■ Data for analysis

◆ ◆ ◆ ◆

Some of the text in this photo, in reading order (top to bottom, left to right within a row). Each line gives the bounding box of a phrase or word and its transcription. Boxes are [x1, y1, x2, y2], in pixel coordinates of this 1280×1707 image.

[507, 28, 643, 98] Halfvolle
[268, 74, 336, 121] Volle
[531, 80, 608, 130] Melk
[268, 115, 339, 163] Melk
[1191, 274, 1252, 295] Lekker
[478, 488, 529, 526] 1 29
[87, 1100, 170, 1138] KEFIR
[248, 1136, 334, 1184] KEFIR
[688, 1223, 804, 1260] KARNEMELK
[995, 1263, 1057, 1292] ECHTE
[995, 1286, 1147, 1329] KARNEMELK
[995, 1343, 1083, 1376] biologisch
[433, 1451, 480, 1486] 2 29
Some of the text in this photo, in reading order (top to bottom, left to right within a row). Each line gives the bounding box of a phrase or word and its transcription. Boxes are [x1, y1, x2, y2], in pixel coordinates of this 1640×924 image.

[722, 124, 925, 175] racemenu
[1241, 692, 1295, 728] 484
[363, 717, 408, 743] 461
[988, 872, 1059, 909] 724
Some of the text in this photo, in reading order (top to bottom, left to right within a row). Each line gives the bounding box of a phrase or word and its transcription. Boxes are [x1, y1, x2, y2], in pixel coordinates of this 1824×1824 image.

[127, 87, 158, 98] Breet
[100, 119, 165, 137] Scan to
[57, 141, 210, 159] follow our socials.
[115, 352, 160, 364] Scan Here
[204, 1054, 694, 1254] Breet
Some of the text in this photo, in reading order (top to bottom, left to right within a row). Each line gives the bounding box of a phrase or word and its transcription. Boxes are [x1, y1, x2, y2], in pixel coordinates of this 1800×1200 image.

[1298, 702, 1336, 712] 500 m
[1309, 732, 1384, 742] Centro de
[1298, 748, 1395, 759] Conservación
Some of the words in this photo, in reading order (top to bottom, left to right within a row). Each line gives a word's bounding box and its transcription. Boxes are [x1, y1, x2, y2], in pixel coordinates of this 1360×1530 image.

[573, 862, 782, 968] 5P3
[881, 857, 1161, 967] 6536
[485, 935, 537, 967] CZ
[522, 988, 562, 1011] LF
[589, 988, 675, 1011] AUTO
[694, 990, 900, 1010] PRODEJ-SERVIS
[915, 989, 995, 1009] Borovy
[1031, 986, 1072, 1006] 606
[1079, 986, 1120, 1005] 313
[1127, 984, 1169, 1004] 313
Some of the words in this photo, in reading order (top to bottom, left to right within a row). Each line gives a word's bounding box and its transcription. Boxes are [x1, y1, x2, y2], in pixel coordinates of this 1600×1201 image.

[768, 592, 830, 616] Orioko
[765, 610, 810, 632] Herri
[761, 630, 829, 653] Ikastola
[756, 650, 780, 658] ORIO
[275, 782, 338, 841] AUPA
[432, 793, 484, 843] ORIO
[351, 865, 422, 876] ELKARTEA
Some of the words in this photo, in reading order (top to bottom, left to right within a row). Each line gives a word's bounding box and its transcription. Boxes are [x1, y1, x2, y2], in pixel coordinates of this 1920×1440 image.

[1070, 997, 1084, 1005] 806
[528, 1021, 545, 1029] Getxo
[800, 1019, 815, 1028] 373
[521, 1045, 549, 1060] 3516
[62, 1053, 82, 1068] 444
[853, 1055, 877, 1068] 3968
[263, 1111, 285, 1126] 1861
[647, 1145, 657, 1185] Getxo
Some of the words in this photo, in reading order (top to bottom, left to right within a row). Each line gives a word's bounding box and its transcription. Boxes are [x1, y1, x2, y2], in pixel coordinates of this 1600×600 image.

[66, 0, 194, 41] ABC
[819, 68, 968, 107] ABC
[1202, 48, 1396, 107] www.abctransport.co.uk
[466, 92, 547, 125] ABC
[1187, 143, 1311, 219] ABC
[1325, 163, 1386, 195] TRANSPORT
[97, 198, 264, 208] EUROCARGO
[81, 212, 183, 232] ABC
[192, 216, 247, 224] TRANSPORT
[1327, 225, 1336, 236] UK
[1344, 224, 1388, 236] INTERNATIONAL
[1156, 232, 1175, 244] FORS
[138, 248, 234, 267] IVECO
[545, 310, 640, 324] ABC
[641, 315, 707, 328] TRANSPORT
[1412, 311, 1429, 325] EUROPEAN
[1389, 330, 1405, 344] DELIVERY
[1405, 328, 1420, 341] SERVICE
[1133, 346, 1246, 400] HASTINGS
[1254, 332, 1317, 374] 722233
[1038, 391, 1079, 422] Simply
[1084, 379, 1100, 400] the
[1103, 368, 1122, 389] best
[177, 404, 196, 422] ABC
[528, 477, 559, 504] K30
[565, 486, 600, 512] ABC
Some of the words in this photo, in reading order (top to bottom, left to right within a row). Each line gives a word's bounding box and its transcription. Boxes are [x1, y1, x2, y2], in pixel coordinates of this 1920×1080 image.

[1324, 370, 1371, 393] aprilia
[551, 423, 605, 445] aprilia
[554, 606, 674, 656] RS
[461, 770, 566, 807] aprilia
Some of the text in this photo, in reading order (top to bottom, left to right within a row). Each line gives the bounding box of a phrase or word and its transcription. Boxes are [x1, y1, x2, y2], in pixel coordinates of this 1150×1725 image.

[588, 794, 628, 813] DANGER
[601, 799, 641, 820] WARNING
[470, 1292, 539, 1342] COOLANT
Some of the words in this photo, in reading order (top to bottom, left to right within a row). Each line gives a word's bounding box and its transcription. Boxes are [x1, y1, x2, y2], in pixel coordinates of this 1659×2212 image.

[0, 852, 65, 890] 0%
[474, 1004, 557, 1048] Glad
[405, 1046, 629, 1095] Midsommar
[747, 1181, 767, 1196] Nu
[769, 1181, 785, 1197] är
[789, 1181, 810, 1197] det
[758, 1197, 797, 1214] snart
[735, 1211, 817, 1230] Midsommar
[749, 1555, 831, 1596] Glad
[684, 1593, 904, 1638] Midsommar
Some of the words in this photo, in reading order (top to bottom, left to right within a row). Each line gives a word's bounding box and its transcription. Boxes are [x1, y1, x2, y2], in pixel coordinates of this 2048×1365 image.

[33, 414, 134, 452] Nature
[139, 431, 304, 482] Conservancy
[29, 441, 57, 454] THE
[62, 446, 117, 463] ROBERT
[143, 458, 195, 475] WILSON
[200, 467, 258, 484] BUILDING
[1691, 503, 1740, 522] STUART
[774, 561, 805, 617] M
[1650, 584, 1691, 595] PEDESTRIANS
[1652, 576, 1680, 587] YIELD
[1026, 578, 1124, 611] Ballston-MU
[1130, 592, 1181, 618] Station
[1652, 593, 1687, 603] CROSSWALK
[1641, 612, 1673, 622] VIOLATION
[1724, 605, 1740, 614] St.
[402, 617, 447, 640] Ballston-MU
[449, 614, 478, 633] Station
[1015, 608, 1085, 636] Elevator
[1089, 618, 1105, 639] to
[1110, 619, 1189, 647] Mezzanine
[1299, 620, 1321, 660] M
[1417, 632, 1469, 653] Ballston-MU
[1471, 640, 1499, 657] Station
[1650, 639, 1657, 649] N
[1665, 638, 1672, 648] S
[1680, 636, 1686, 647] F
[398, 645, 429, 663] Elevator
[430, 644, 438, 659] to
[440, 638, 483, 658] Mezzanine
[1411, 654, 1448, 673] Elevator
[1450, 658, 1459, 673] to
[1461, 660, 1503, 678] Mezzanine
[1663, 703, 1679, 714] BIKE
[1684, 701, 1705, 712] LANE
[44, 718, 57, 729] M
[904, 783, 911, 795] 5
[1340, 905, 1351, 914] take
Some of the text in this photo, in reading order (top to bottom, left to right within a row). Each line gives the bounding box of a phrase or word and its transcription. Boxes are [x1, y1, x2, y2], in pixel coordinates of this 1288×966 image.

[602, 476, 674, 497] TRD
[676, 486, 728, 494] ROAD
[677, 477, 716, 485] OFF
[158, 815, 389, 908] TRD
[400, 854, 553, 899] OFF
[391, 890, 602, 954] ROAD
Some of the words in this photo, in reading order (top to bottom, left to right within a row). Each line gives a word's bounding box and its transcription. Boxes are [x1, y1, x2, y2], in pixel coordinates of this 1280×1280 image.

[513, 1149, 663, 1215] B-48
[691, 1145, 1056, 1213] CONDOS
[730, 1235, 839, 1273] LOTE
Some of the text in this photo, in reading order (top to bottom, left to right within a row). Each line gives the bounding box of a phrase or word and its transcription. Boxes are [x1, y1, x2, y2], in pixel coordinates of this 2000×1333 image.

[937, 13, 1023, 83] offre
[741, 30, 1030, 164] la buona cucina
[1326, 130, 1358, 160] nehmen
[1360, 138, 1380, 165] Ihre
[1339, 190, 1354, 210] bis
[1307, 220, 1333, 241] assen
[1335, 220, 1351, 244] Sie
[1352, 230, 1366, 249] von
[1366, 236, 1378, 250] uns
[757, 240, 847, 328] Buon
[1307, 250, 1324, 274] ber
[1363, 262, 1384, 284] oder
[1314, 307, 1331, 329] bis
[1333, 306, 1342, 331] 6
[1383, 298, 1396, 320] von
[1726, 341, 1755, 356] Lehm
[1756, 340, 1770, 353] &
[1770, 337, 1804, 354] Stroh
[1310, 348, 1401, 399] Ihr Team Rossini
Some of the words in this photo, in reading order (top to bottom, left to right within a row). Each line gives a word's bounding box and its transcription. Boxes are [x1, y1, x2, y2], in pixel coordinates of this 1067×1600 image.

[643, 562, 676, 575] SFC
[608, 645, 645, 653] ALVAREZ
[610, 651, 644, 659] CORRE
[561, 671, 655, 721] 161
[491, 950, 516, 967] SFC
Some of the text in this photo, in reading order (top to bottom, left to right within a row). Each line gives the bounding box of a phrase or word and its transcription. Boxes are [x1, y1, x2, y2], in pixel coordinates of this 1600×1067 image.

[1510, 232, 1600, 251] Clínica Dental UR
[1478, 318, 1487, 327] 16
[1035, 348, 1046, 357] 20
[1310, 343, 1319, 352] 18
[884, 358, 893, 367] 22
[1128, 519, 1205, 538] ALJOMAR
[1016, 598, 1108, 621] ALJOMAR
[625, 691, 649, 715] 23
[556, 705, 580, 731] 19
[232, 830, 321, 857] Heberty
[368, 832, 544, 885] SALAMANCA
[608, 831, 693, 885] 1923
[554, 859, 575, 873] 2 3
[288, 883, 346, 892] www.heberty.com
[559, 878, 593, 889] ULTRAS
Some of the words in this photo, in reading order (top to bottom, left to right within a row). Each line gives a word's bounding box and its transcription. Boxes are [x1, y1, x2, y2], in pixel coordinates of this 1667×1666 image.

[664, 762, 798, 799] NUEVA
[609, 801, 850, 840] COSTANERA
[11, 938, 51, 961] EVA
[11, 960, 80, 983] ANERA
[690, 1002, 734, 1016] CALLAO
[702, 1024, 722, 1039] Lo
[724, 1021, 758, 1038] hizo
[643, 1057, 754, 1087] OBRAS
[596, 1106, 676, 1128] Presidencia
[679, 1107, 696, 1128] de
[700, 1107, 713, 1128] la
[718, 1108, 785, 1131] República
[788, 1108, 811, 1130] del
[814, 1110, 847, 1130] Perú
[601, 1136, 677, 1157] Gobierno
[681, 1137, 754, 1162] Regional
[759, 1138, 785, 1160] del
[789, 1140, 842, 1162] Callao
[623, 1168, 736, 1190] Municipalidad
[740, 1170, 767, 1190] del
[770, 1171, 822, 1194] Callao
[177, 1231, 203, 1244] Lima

◆ ◆ ◆ ◆

■ What you should do
The line with "this 1600×1067 image." and all lines after it through the end of the data above: write these out exactly and add nothing.

■ Written response
Some of the text in this photo, in reading order (top to bottom, left to right within a row). Each line gives the bounding box of a phrase or word and its transcription. Boxes are [x1, y1, x2, y2], in pixel coordinates of this 1600×1067 image.

[1510, 232, 1600, 251] Clínica Dental UR
[1478, 318, 1487, 327] 16
[1035, 348, 1046, 357] 20
[1310, 343, 1319, 352] 18
[884, 358, 893, 367] 22
[1128, 519, 1205, 538] ALJOMAR
[1016, 598, 1108, 621] ALJOMAR
[625, 691, 649, 715] 23
[556, 705, 580, 731] 19
[232, 830, 321, 857] Heberty
[368, 832, 544, 885] SALAMANCA
[608, 831, 693, 885] 1923
[554, 859, 575, 873] 2 3
[288, 883, 346, 892] www.heberty.com
[559, 878, 593, 889] ULTRAS
Some of the words in this photo, in reading order (top to bottom, left to right within a row). Each line gives a word's bounding box and its transcription. Boxes are [x1, y1, x2, y2], in pixel coordinates of this 1667×1666 image.

[664, 762, 798, 799] NUEVA
[609, 801, 850, 840] COSTANERA
[11, 938, 51, 961] EVA
[11, 960, 80, 983] ANERA
[690, 1002, 734, 1016] CALLAO
[702, 1024, 722, 1039] Lo
[724, 1021, 758, 1038] hizo
[643, 1057, 754, 1087] OBRAS
[596, 1106, 676, 1128] Presidencia
[679, 1107, 696, 1128] de
[700, 1107, 713, 1128] la
[718, 1108, 785, 1131] República
[788, 1108, 811, 1130] del
[814, 1110, 847, 1130] Perú
[601, 1136, 677, 1157] Gobierno
[681, 1137, 754, 1162] Regional
[759, 1138, 785, 1160] del
[789, 1140, 842, 1162] Callao
[623, 1168, 736, 1190] Municipalidad
[740, 1170, 767, 1190] del
[770, 1171, 822, 1194] Callao
[177, 1231, 203, 1244] Lima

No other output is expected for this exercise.